It’s easy (and rewarding) to project outrage and blame. It’s much harder to look inwards for the source of REAL change. Here’s why we have to try.
“First realize that your world is only a reflection of yourself, and stop finding fault with the reflection…set yourself right mentally and emotionally. Let alone the reforms and mind the reformer.” –Nisargadatta
Here’s another interesting take on this.
Hey everyone, it’s Dr.Z. So recently I was reading this book by an Indian guru named Nisargadatta, it’s kind of a famous book. In the 70s this guy is an uneducated guy in India and got woke, basically got enlightened and basically sits in his room in Bombay and takes guests and answers questions. And there’s a book called “I Am That” about this. And it was an interesting story because this American comes to him it’s a kid and says, “Man, the world is a mess man, Vietnam and racism. And how are we gonna fix the world, man, it’s so terrible.”
And Nisargadatta kind of looks at him and goes, “The world is just a reflection of yourself. Why blame the reflection? set yourself right mentally and emotionally, forget about the reforms and pay attention to the reformer.” And when I read that it brought everything that’s been happening lately into sharp relief.
So many people are out there on social media and elsewhere expressing outrage.
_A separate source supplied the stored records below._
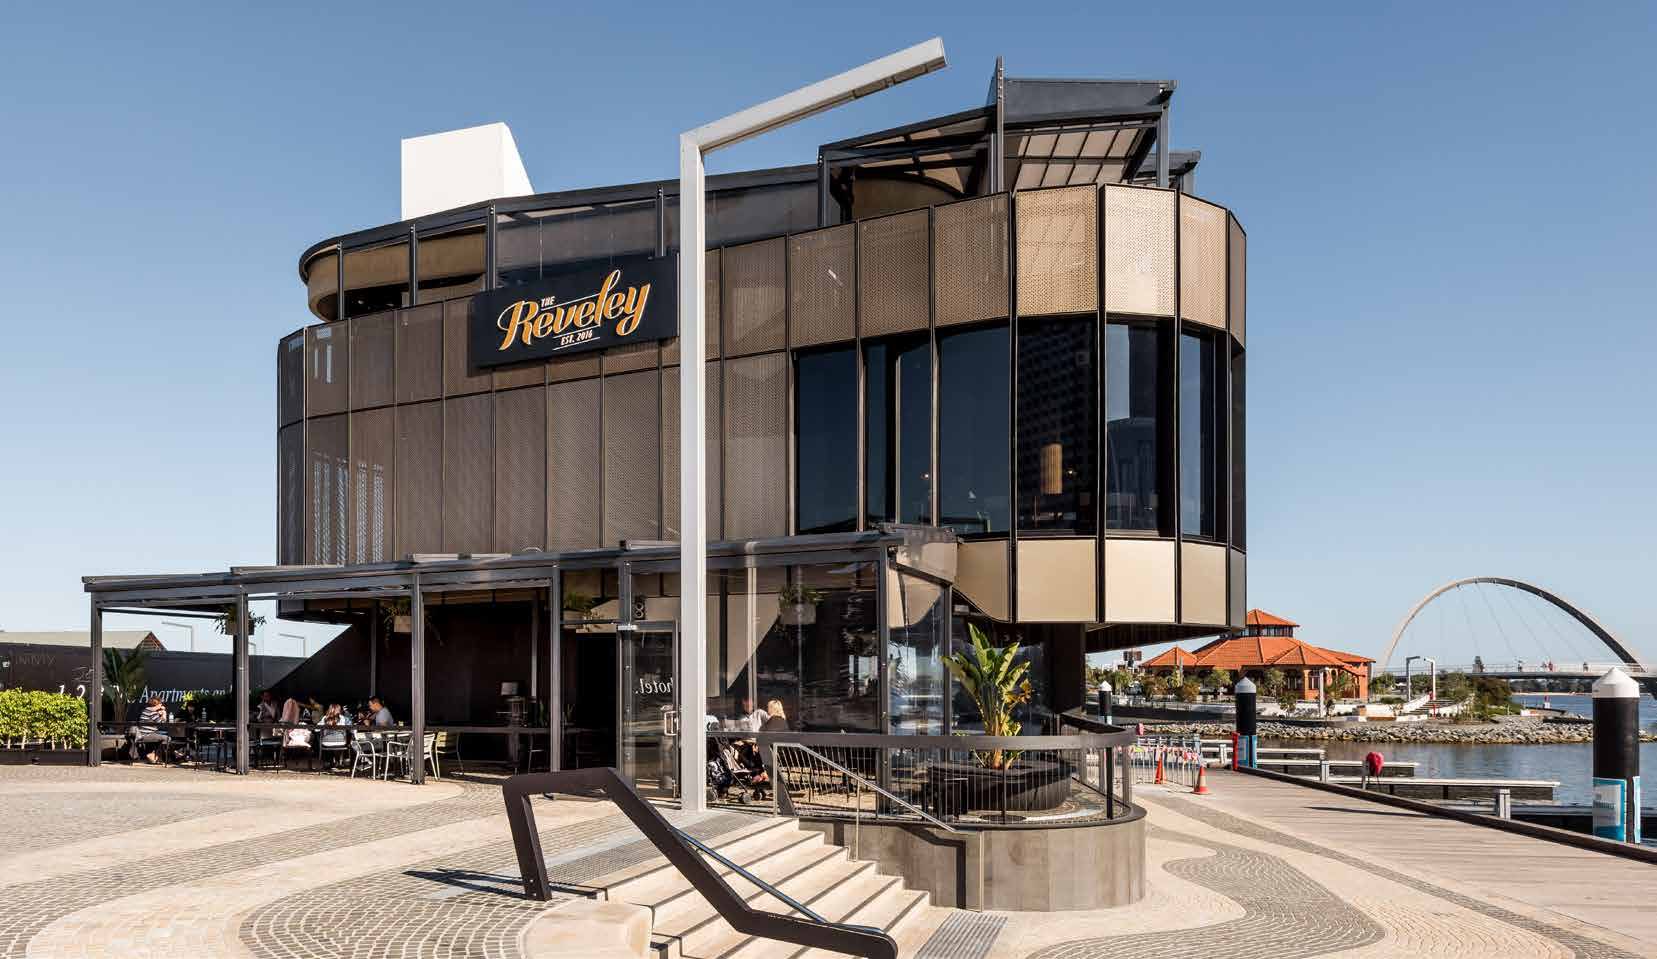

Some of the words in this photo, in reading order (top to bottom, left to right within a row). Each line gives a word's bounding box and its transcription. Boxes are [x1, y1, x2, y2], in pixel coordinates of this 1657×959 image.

[497, 269, 651, 350] Reveley
[541, 296, 555, 308] THE
[561, 335, 575, 346] EST.
[576, 330, 593, 341] 2016
[140, 685, 210, 703] Apartmts
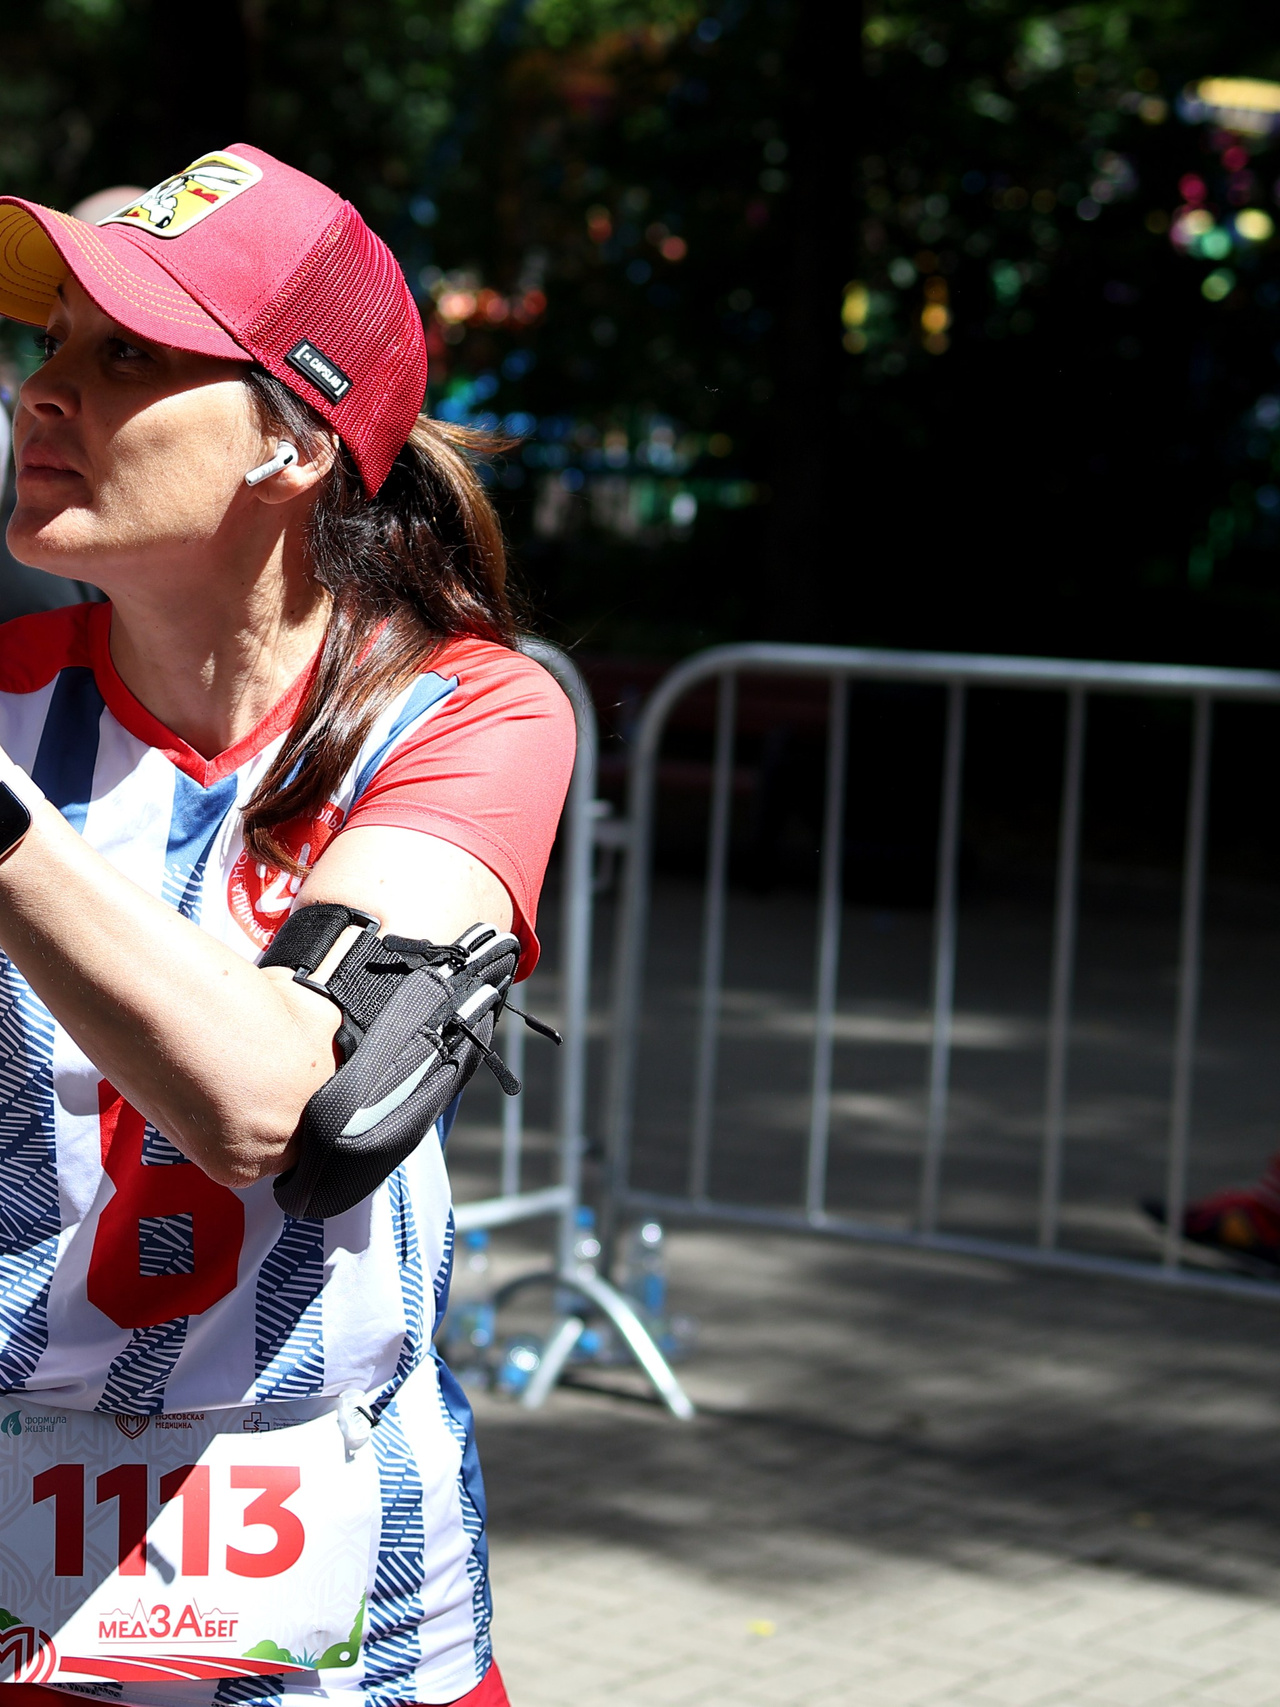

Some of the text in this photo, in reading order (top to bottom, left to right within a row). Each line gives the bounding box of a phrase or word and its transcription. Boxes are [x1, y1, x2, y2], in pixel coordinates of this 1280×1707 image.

[231, 882, 276, 946] ОЛЬНИЦА
[24, 1416, 67, 1426] формула
[155, 1422, 193, 1430] МЕДИЦИНА
[24, 1425, 55, 1433] жизни
[32, 1462, 306, 1578] 1113
And it’s justifiable outrage over whatever it is, whether it’s COVID or racial injustice. But when you actually look at what’s happening, they are projecting blame onto something without turning inwards.
There was a study, a psychological study where they showed Americans sweatshop factories say in China, and then measured their level of guilt because these factories are producing clothes that they’re buying. And their guilt levels were really high it made them feel bad personally, like a bad person. They then gave them an out and said, “You know what, Nike or whatever company is making this stuff. And you can tweet about it or you can do something about it.” And when they did, when they blamed Nike, “Nike why are you so horrible? You should be ashamed of yourself.” They then measured those people’s guilt levels dropped right off they felt better, by blaming the third party.
What they never had a chance to do was to look inward and go what is it about me, that I can change because the world comes from me? Why blame the reflection when I need to look at the source? And that’s hard, that’s painful.
That’s why we have projection and denial and moral outrage. Because it makes us feel better because we know deep down there’s something with us that we need to fix but that work is hard. And reading Nisargadatta made me look inwards at myself and go, you know what? I project a lot of blame at other people too. I should maybe try to look inward, maybe meditate more. Maybe if you’re religious pray more, maybe just look inside because if we fix ourselves and actually realize what it is we are, which is the source of the world, the world fixes itself.
And that’s what I wanted to talk about today. Let’s really think about what we do out in the world and social media and outrage and call-out culture and all these things. Maybe what we ought to do is turn that lens back inwards and it hurts. It’s gonna hurt for a while, but when you’re done, oh it’s such a liberation and watch the world get better.